In your copy of the entries below, keep every word exactly and leave out all images.

== Segment start ==

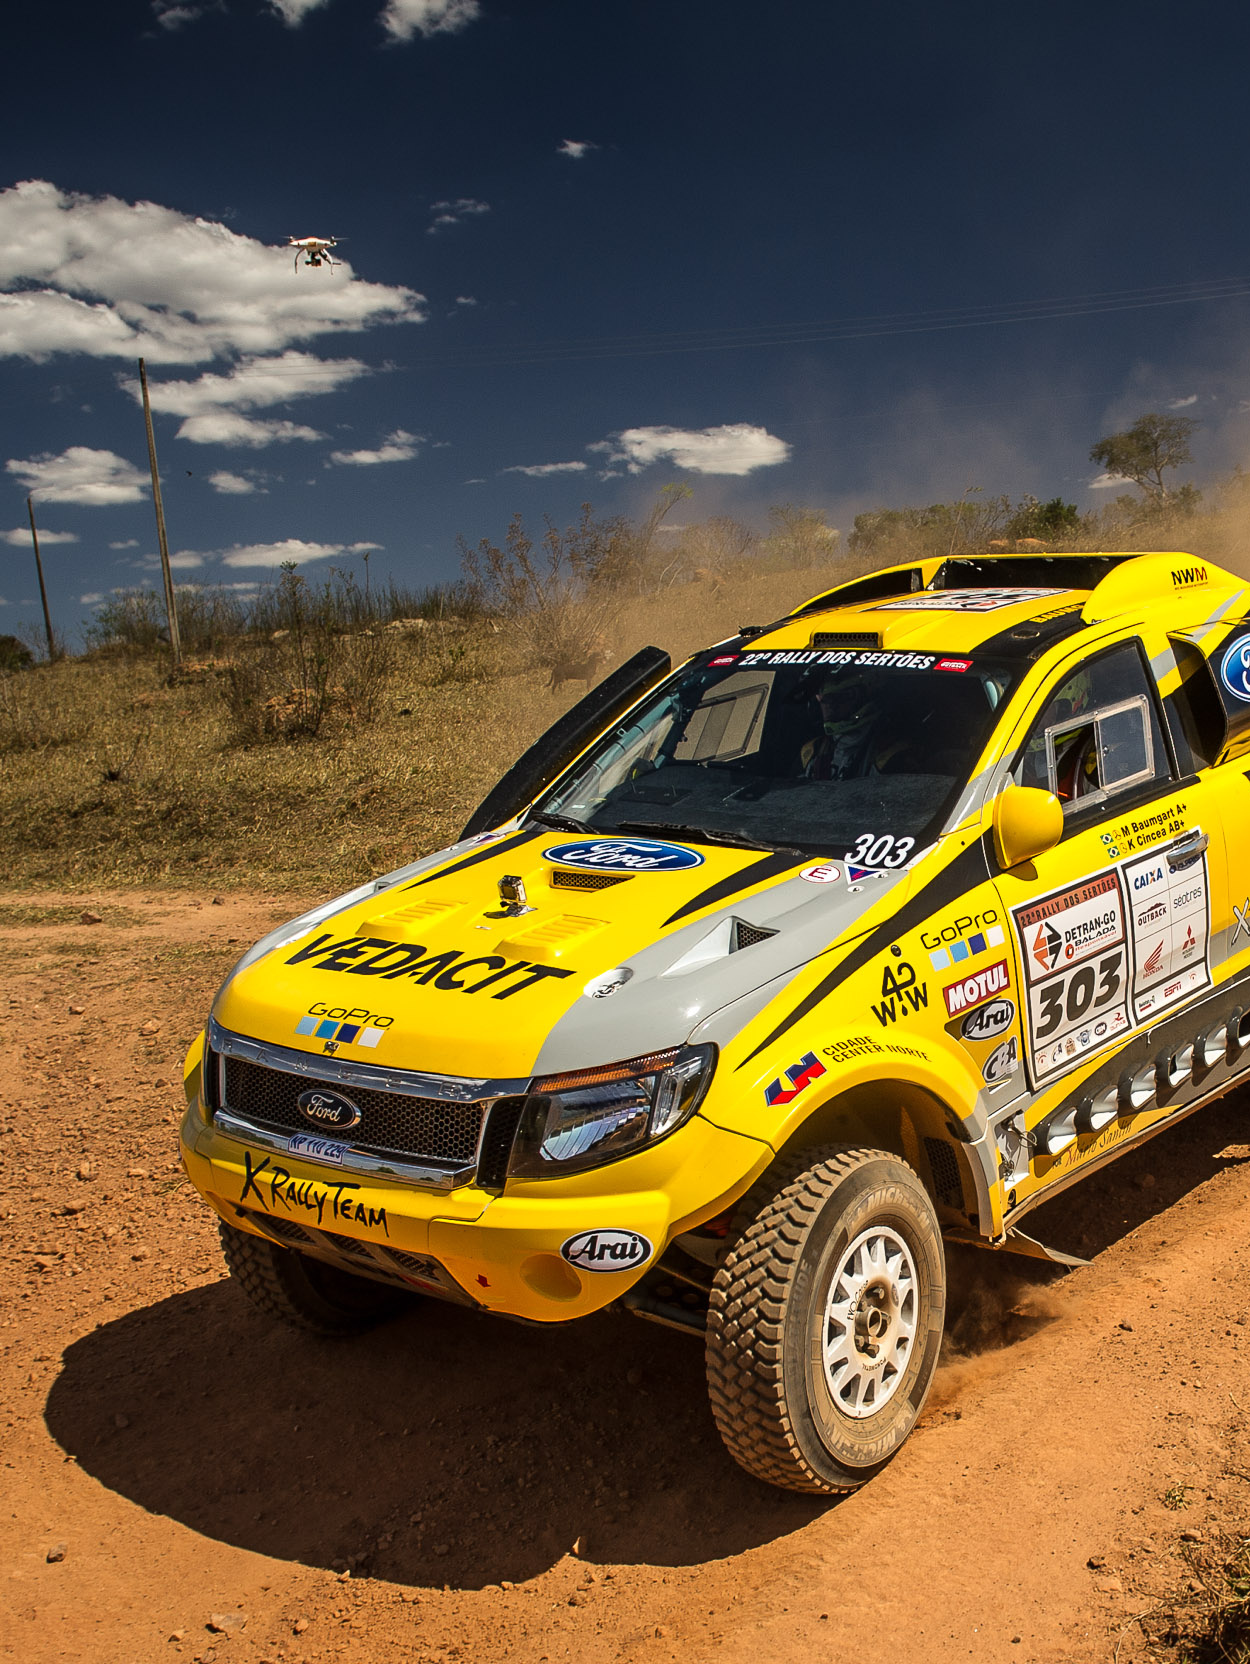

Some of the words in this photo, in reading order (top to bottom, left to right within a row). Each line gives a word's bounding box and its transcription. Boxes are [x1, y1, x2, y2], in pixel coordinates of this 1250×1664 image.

[1171, 566, 1208, 585] NWM
[767, 651, 815, 665] RALLY
[816, 651, 854, 665] DOS
[854, 649, 936, 671] SERTÕES
[1120, 825, 1131, 838] M
[1131, 807, 1176, 834] Baumgart
[1127, 838, 1136, 850] K
[1168, 819, 1185, 834] AB+
[563, 839, 668, 871] Ford
[844, 833, 917, 869] 303
[1133, 867, 1163, 890] CAIXA
[1063, 893, 1081, 909] DOS
[920, 909, 999, 950] GoPro
[1064, 910, 1117, 944] DETRAN-GO
[1137, 906, 1167, 927] OUTBACK
[1231, 896, 1250, 947] X
[1074, 925, 1117, 947] BALADA
[284, 934, 577, 1001] VEDACIT
[948, 963, 1008, 1016] MOTUL
[1035, 950, 1124, 1040] 303
[1164, 981, 1182, 998] ESPN
[308, 1001, 395, 1029] GoPro
[965, 1002, 1012, 1037] Arai
[821, 1035, 878, 1057] CIDADE
[832, 1043, 884, 1064] CENTER
[884, 1044, 933, 1063] NORTE
[306, 1094, 343, 1122] Ford
[238, 1150, 273, 1212] X
[271, 1166, 329, 1225] RALLY
[326, 1180, 390, 1238] TEAM
[574, 1233, 642, 1263] Arai

== Segment end ==

### RESULT OF THE EXERCISE
Some of the words in this photo, in reading order (top to bottom, left to right within a row). Each line gives a word's bounding box and its transcription. Boxes are [x1, y1, x2, y2], in pixel coordinates of this 1250×1664 image.

[1171, 566, 1208, 585] NWM
[767, 651, 815, 665] RALLY
[816, 651, 854, 665] DOS
[854, 649, 936, 671] SERTÕES
[1120, 825, 1131, 838] M
[1131, 807, 1176, 834] Baumgart
[1127, 838, 1136, 850] K
[1168, 819, 1185, 834] AB+
[563, 839, 668, 871] Ford
[844, 833, 917, 869] 303
[1133, 867, 1163, 890] CAIXA
[1063, 893, 1081, 909] DOS
[920, 909, 999, 950] GoPro
[1064, 910, 1117, 944] DETRAN-GO
[1137, 906, 1167, 927] OUTBACK
[1231, 896, 1250, 947] X
[1074, 925, 1117, 947] BALADA
[284, 934, 577, 1001] VEDACIT
[948, 963, 1008, 1016] MOTUL
[1035, 950, 1124, 1040] 303
[1164, 981, 1182, 998] ESPN
[308, 1001, 395, 1029] GoPro
[965, 1002, 1012, 1037] Arai
[821, 1035, 878, 1057] CIDADE
[832, 1043, 884, 1064] CENTER
[884, 1044, 933, 1063] NORTE
[306, 1094, 343, 1122] Ford
[238, 1150, 273, 1212] X
[271, 1166, 329, 1225] RALLY
[326, 1180, 390, 1238] TEAM
[574, 1233, 642, 1263] Arai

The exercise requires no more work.